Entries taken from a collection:
######

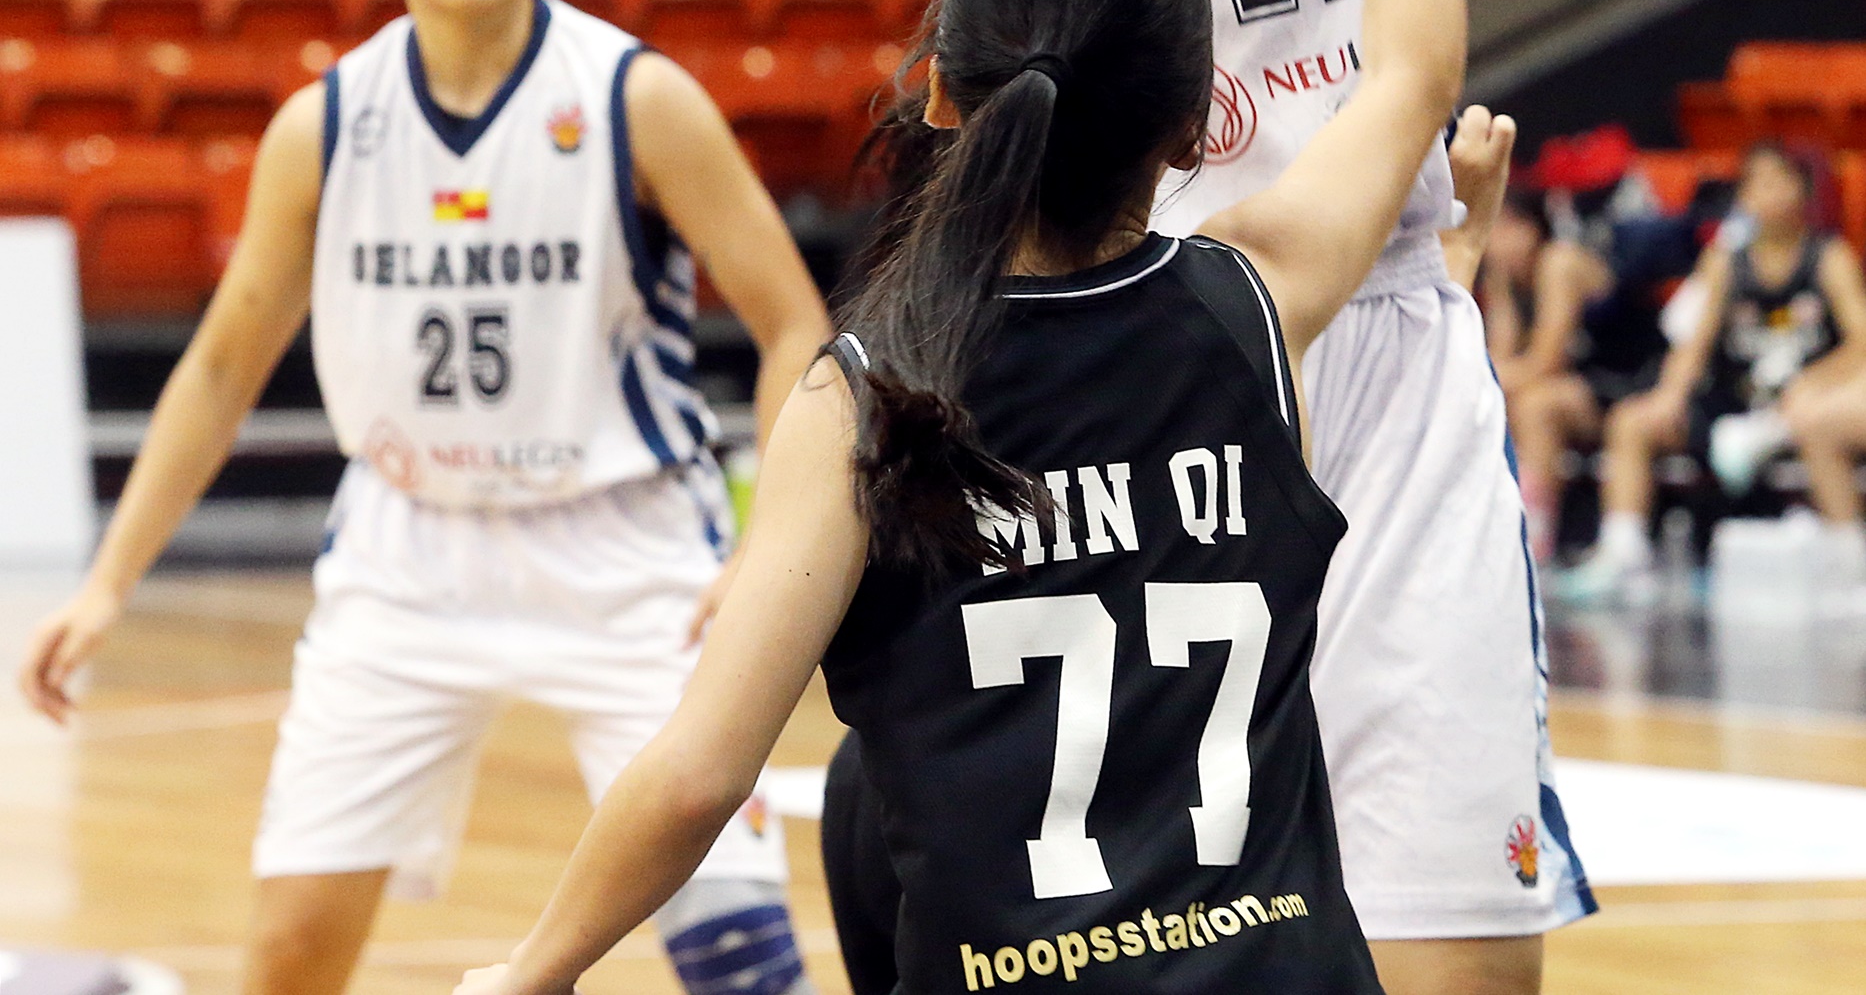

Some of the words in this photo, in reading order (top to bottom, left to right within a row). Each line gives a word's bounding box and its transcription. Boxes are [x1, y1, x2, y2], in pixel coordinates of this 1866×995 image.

[416, 305, 512, 407] 25
[962, 462, 1140, 576] MIN
[1168, 445, 1247, 545] QI
[961, 581, 1272, 900] 77
[960, 893, 1310, 992] hoopsstation.com

######

Output every record above exactly, leaving out the pictures.

Some of the words in this photo, in reading order (top to bottom, left to right within a row). Each line gives a word's bounding box and its transcription. Boxes are [x1, y1, x2, y2], in pixel coordinates of this 1866×995 image.

[416, 305, 512, 407] 25
[962, 462, 1140, 576] MIN
[1168, 445, 1247, 545] QI
[961, 581, 1272, 900] 77
[960, 893, 1310, 992] hoopsstation.com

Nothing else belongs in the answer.